Using AngularJS, I've noticed a pattern that seems wrong to me.
When building a table, my data is bound using ng-bind. But if I need the text in the cell to link to something, the link has to get created manually.
A non-linked table cell looks like:
<td ng-bind="customer.name"></td>
But if I want to create a link, I do:
<td><a ng-href="/customer/{{customer.id}}">{{customer.name}}</a></td>
Is there a way to create the link using attributes? Something like:
<td ng-bind="customer.name" ng-href="/customer/{customer.id}"></td>
The ng-href directive overrides the original href attribute of an <a> element. The ng-href directive should be used instead of href if you have AngularJS code inside the href value.
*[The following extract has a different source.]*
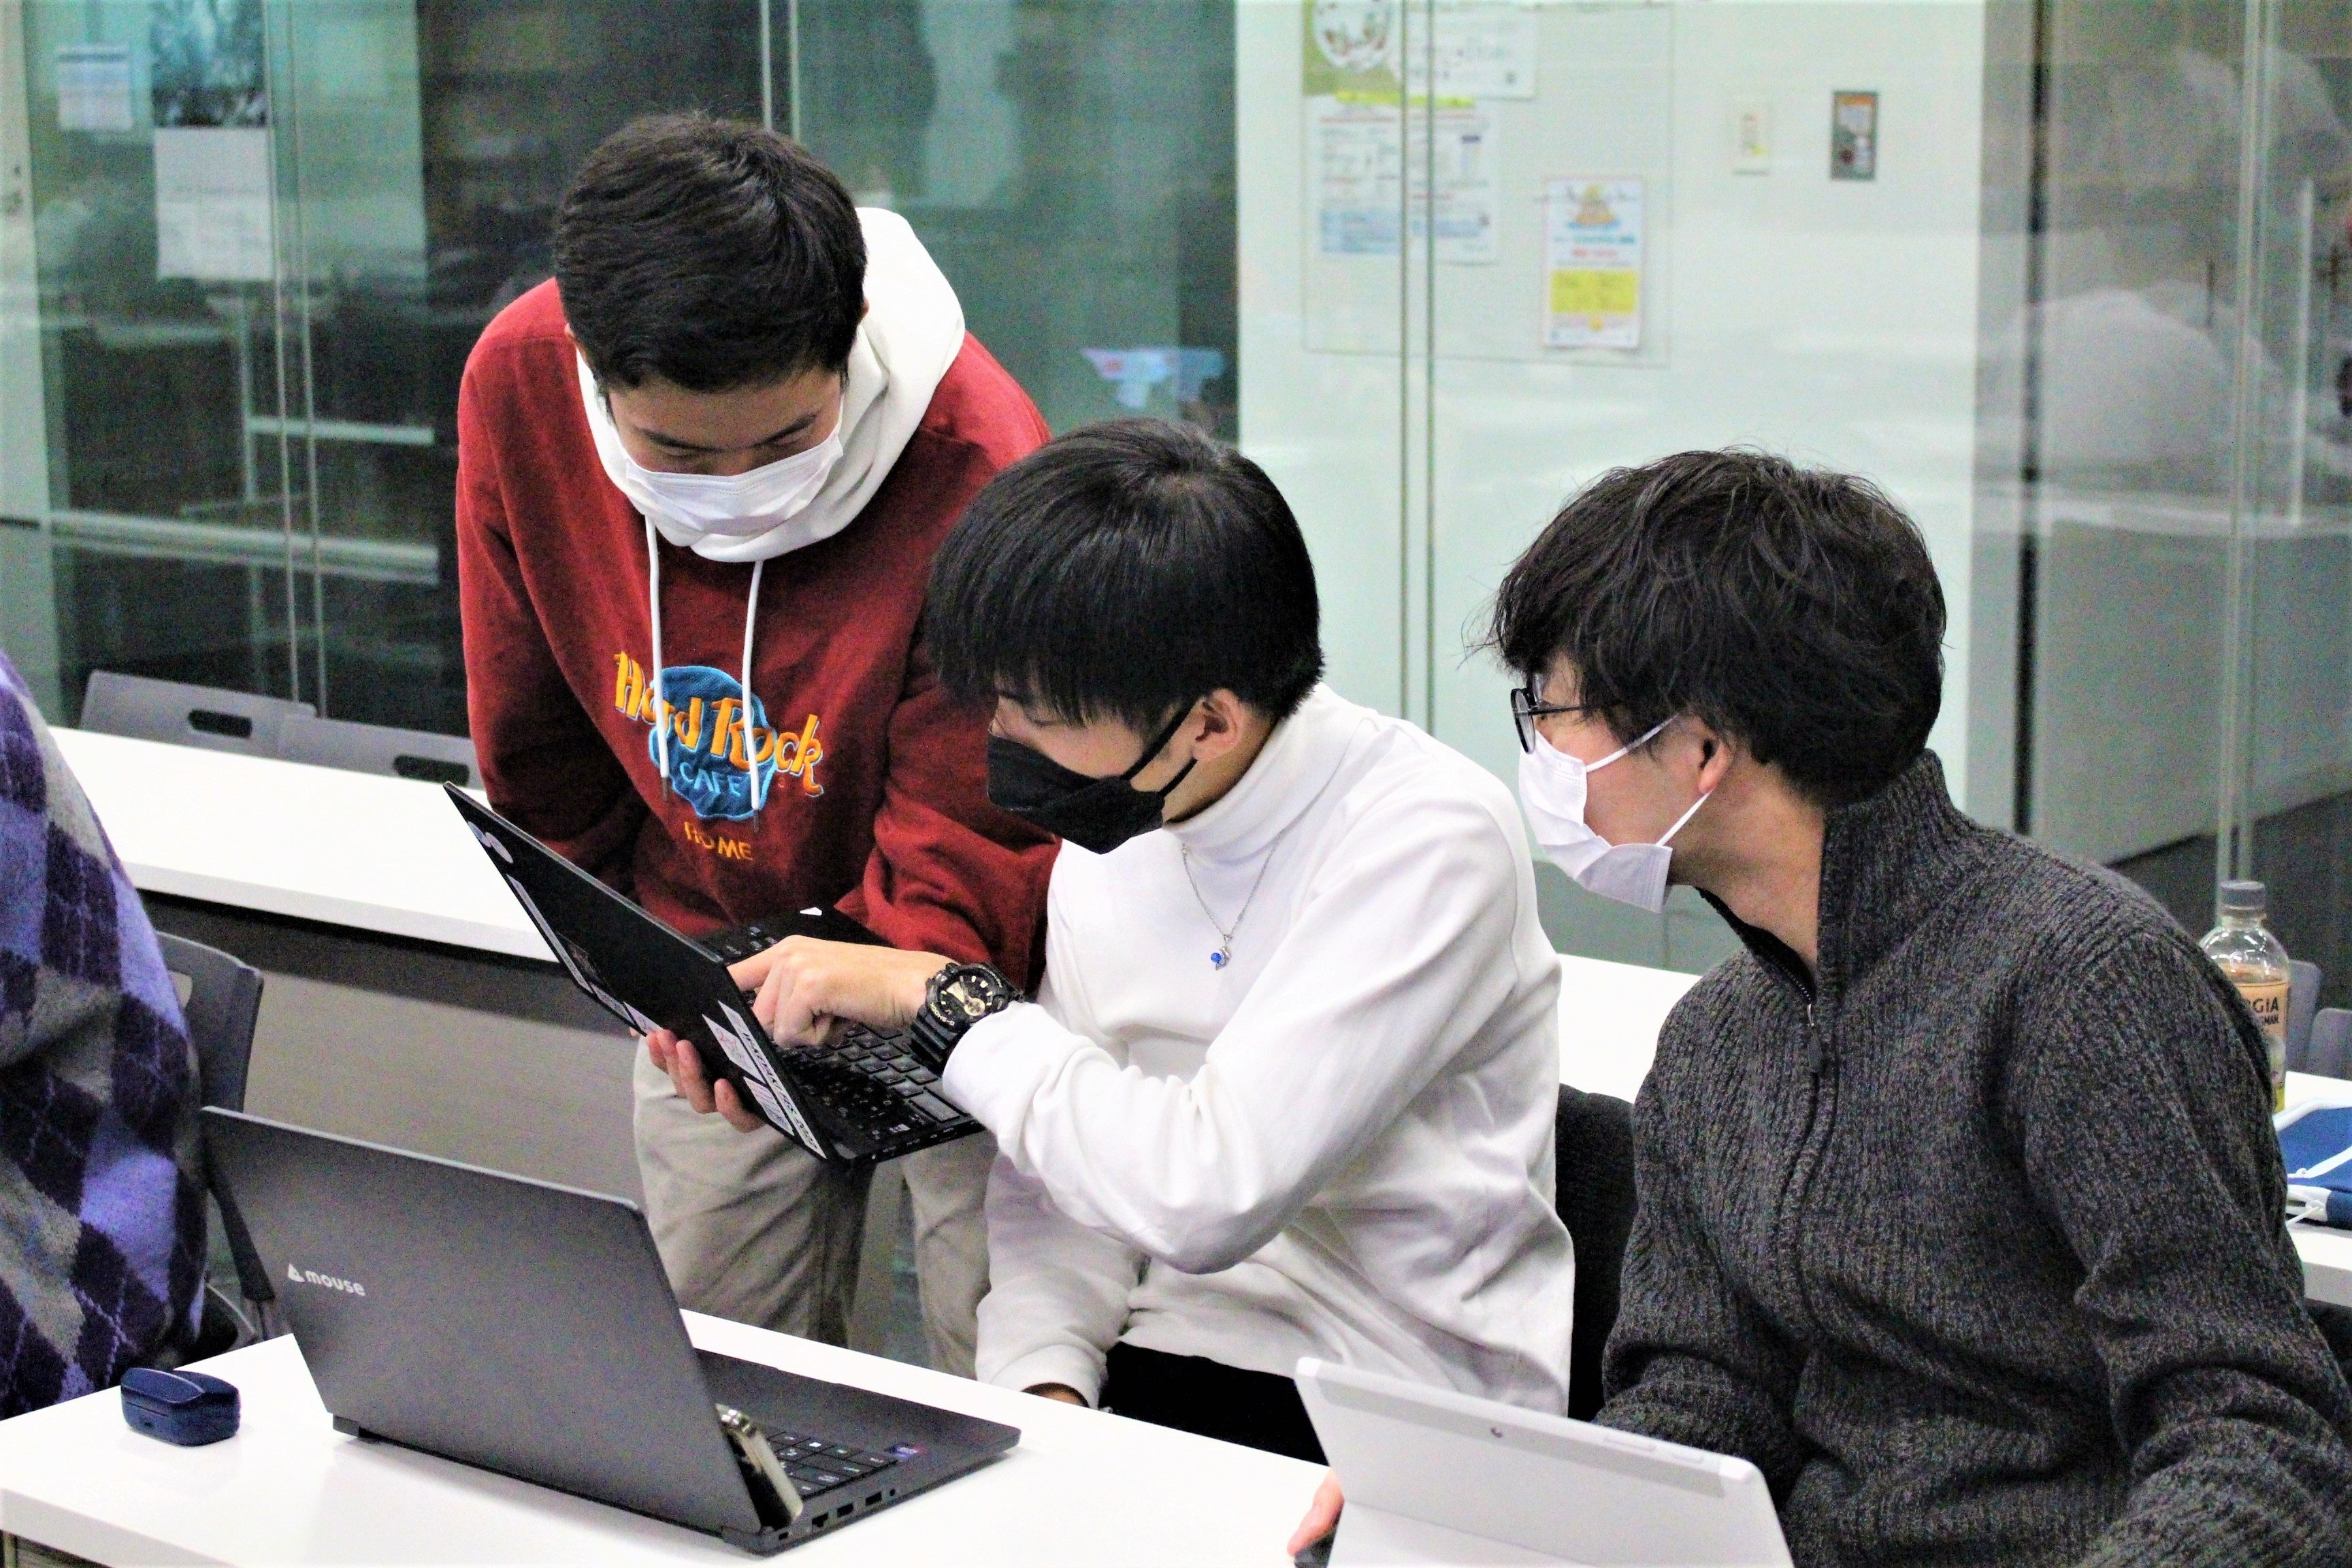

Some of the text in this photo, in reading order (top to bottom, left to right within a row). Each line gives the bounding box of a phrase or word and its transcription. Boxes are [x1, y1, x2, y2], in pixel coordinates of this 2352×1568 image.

[710, 697, 824, 798] Rock
[679, 762, 743, 797] CAFE
[684, 821, 753, 860] ROME
[305, 1270, 366, 1296] mouse
The ng-href directive makes sure the link is not broken even if the user clicks the link before AngularJS has evaluated the code.
ng-bind directive binds the AngularJS Application data to HTML tags. ng-bind updates the model created by ng-model directive to be displayed in the html tag whenever user input something in the control or updates the html control's data when model data is updated by controller.
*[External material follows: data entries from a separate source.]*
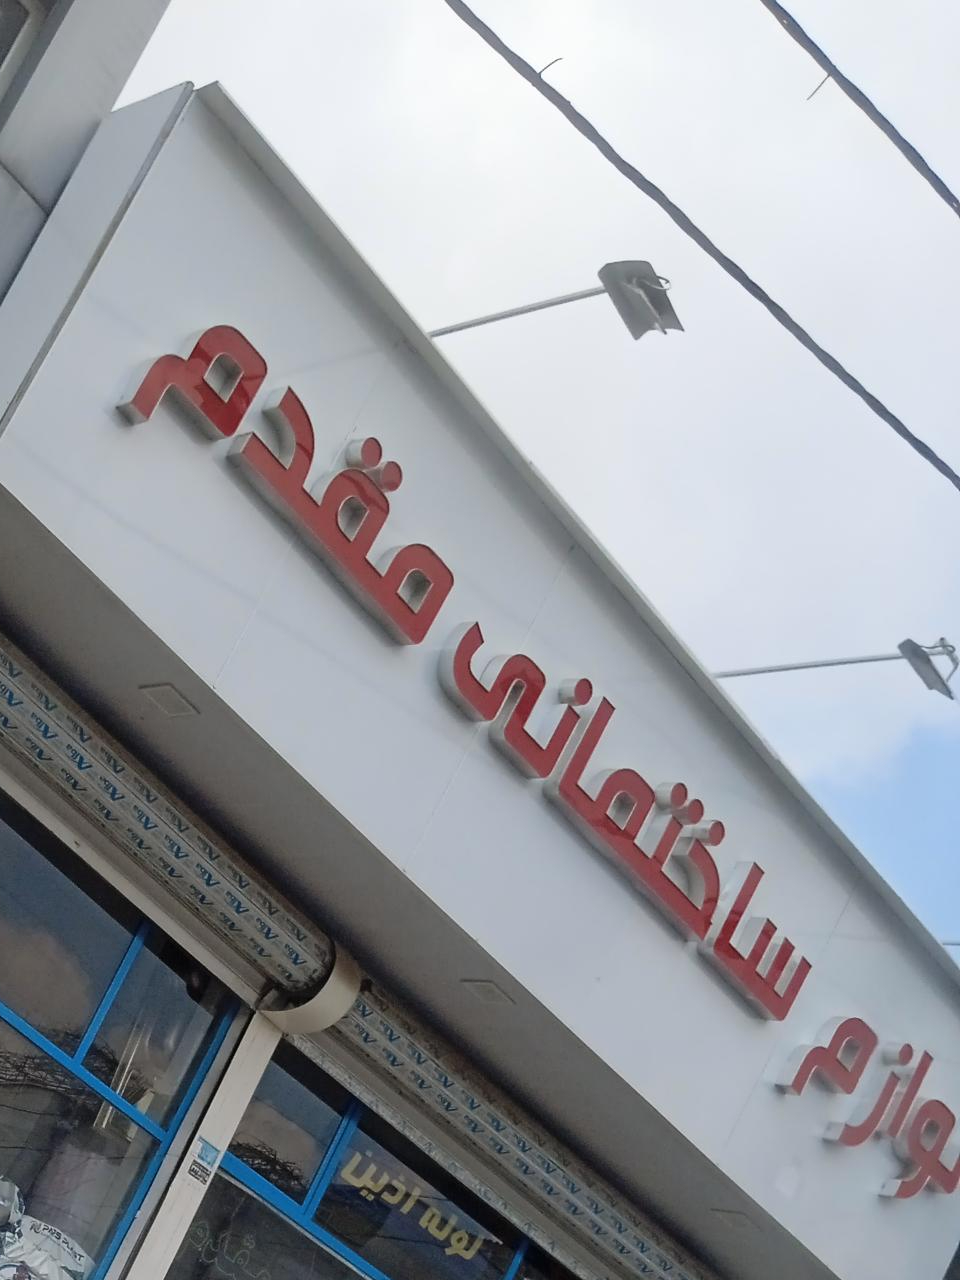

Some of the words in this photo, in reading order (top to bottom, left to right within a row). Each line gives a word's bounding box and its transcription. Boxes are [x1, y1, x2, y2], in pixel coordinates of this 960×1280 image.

[122, 324, 454, 643] مقدم
[29, 710, 59, 739] Alba
[64, 742, 93, 770] Alba
[444, 622, 812, 1021] ساختمانی
[418, 1206, 485, 1260] لوله
ngModel usually use for input tags for bind a variable that we can change variable from controller and html page but ngBind use for display a variable in html page and we can change variable just from controller and html just show variable.
href allows users to visit an external website from the current website. It is mostly used in anchor tags. Anchor tags are the most common HTML tags that take href as a parameter and route users to another website. In Angular, developers should use ng-href instead of href in the anchor tags.
This isn't really an AngularJS issue; this is more about how HTML works. HTML doesn't allow you to just add an href
attribute to any element to create a link. You need to use the anchor tag to create a link.
If you want, you could write a directive that produces the anchor tag inside cells. But that hardly seems worth it, and most would probably agree that it produces less semantic, more confusing markup.